Listed entries:
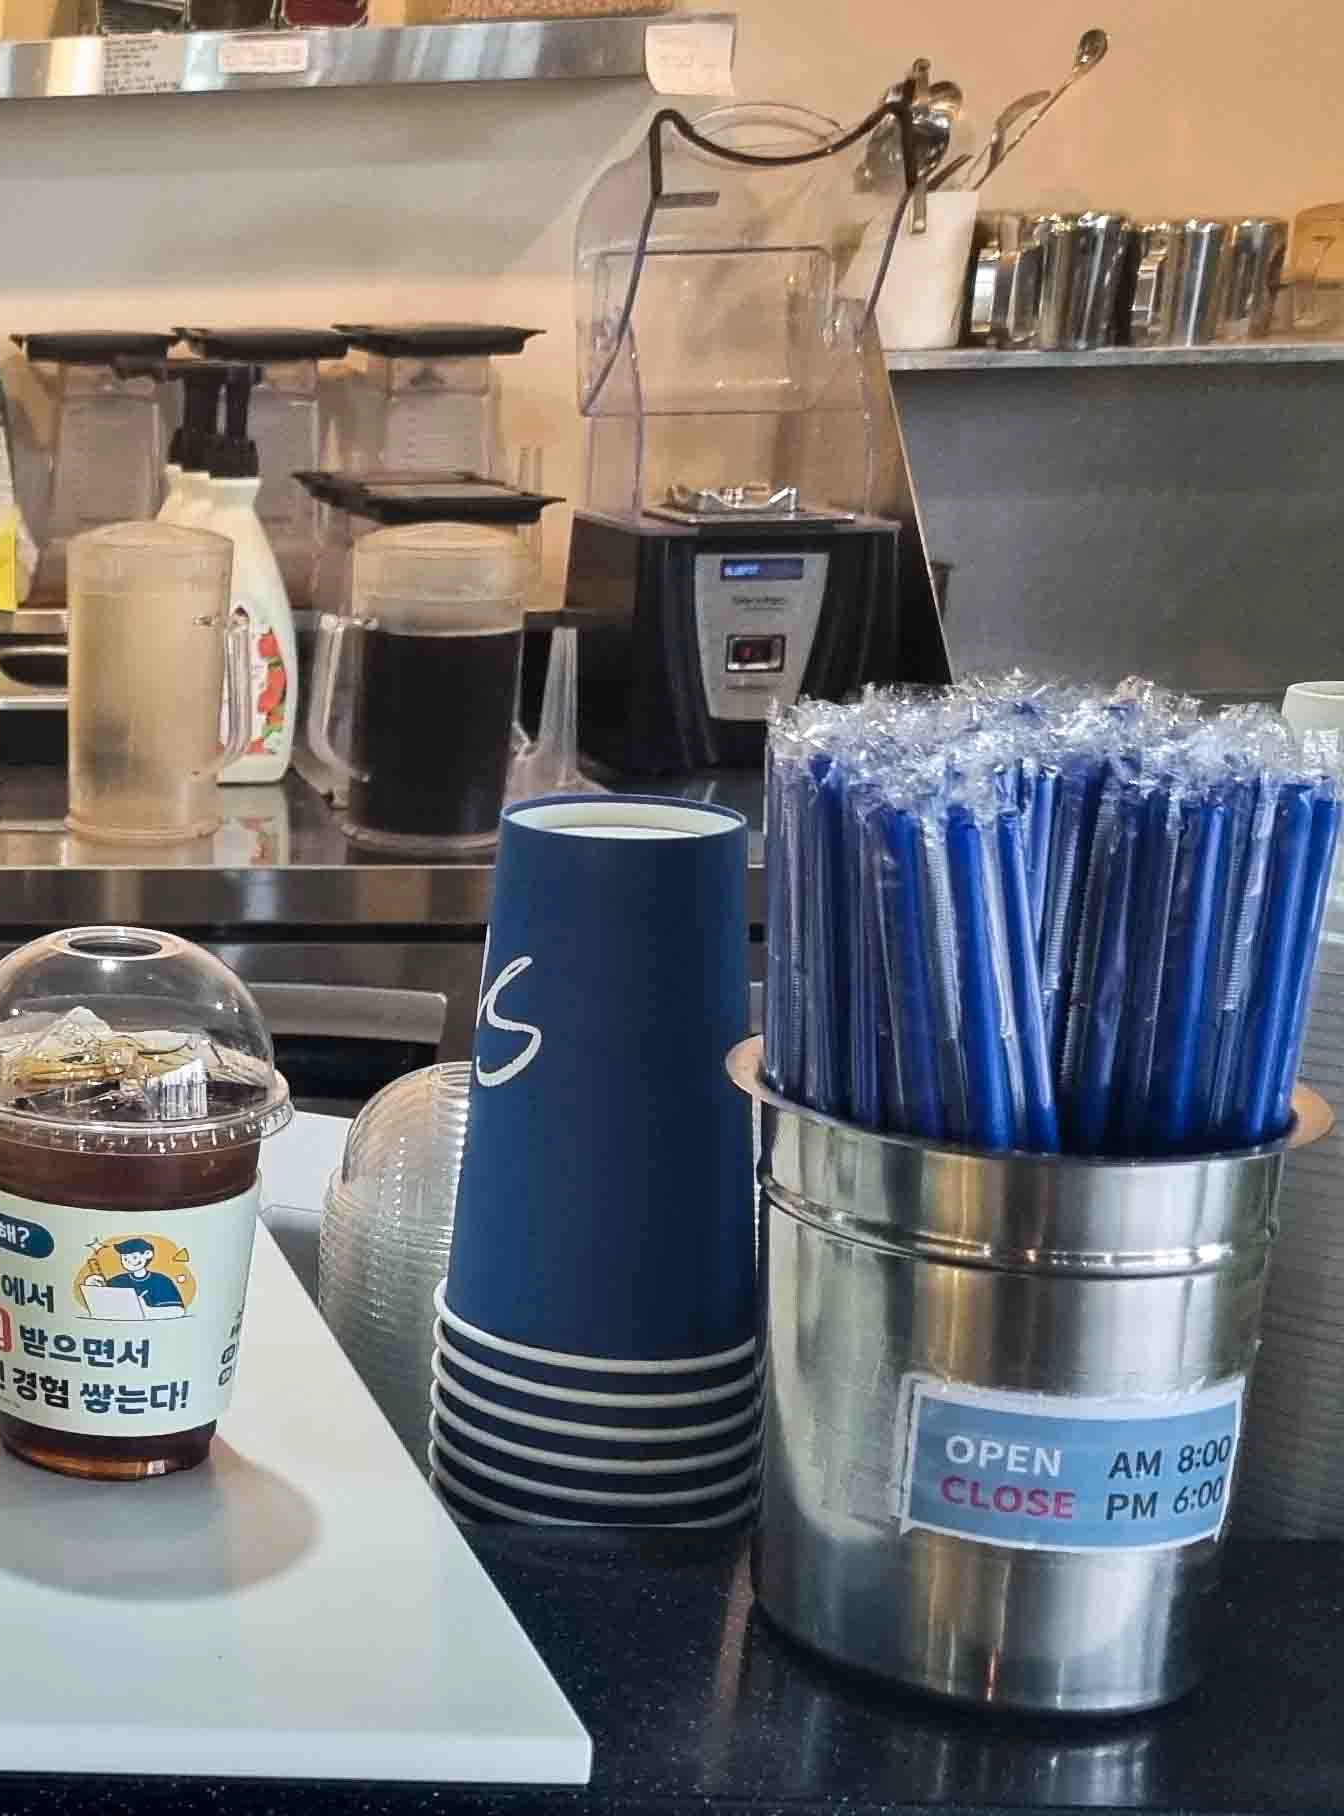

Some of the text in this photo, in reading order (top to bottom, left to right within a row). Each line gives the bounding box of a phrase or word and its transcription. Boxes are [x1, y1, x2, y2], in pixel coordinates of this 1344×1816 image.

[1, 1274, 56, 1314] 에서
[18, 1324, 150, 1369] 받으면서
[12, 1367, 70, 1410] 경험
[80, 1380, 190, 1415] 쌓는다!
[943, 1434, 1232, 1481] OPEN AM 8:00
[940, 1474, 1224, 1521] CLOSE PM 6:00

Action item: Skip the pictures and give the entries above again word for word.

Exercise output:
Some of the text in this photo, in reading order (top to bottom, left to right within a row). Each line gives the bounding box of a phrase or word and its transcription. Boxes are [x1, y1, x2, y2], in pixel coordinates of this 1344×1816 image.

[1, 1274, 56, 1314] 에서
[18, 1324, 150, 1369] 받으면서
[12, 1367, 70, 1410] 경험
[80, 1380, 190, 1415] 쌓는다!
[943, 1434, 1232, 1481] OPEN AM 8:00
[940, 1474, 1224, 1521] CLOSE PM 6:00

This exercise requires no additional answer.